#### What to work on
Before copying, remove every picture, and then repeat all entries below precisely as written.

#### Record extracts

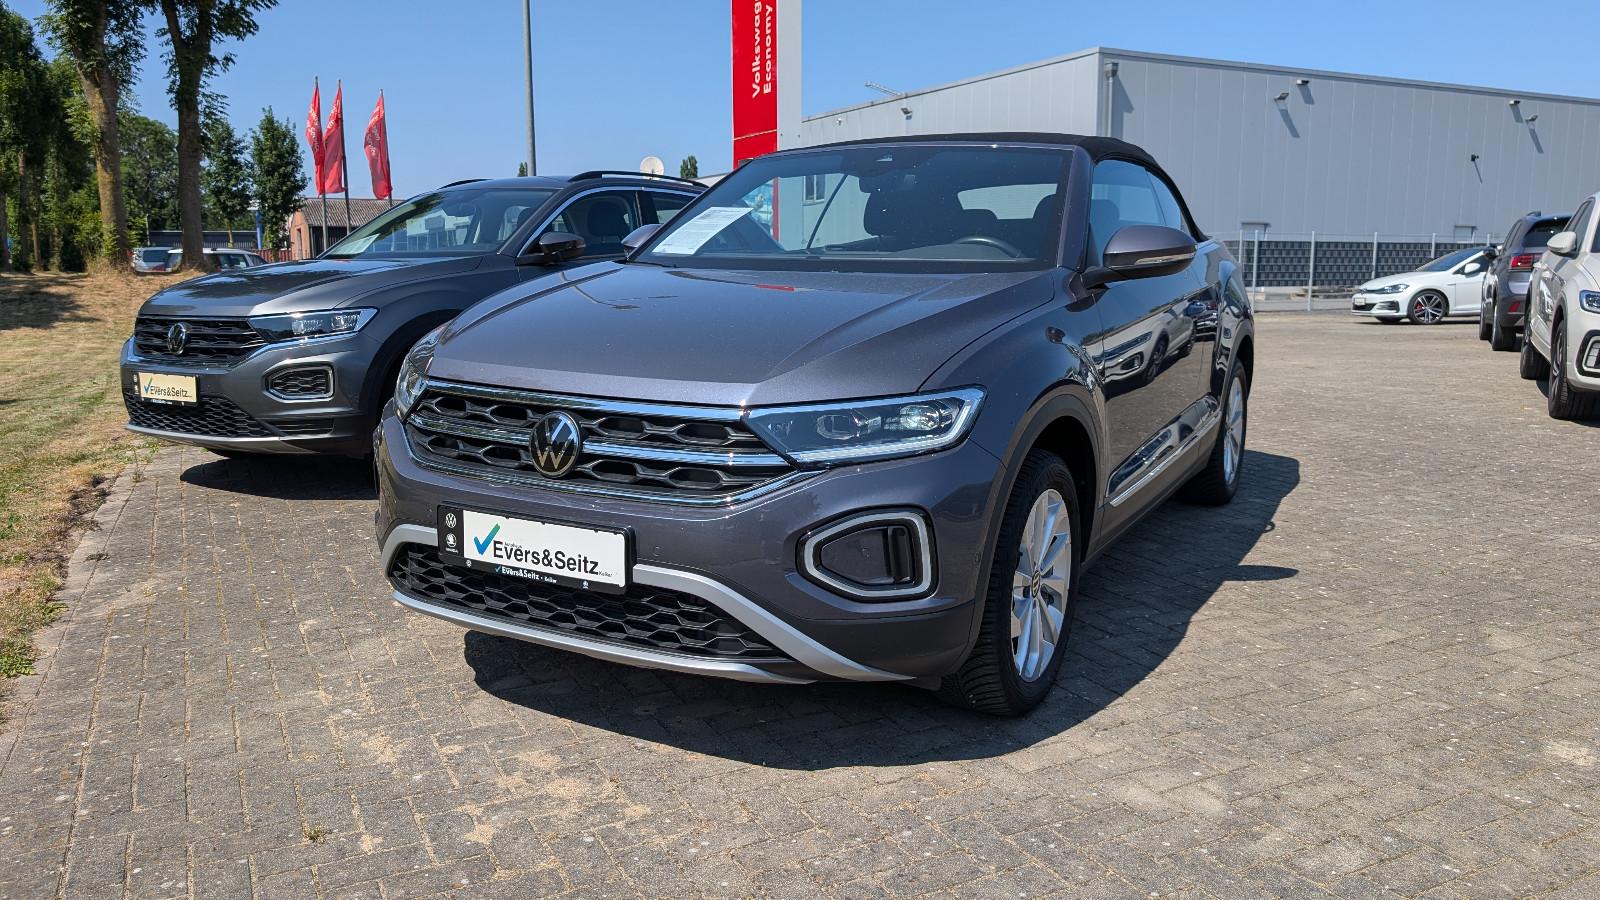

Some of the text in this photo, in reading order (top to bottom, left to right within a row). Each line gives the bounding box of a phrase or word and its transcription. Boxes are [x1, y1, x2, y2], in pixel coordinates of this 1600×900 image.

[752, 0, 763, 99] Volkswag
[763, 5, 773, 94] Economy
[150, 385, 188, 398] Evers&Seitz
[532, 413, 578, 474] VW
[493, 540, 599, 576] Evers&Seitz
[501, 565, 540, 580] Evers&Seitz

#### Expected answer
Some of the text in this photo, in reading order (top to bottom, left to right within a row). Each line gives the bounding box of a phrase or word and its transcription. Boxes are [x1, y1, x2, y2], in pixel coordinates of this 1600×900 image.

[752, 0, 763, 99] Volkswag
[763, 5, 773, 94] Economy
[150, 385, 188, 398] Evers&Seitz
[532, 413, 578, 474] VW
[493, 540, 599, 576] Evers&Seitz
[501, 565, 540, 580] Evers&Seitz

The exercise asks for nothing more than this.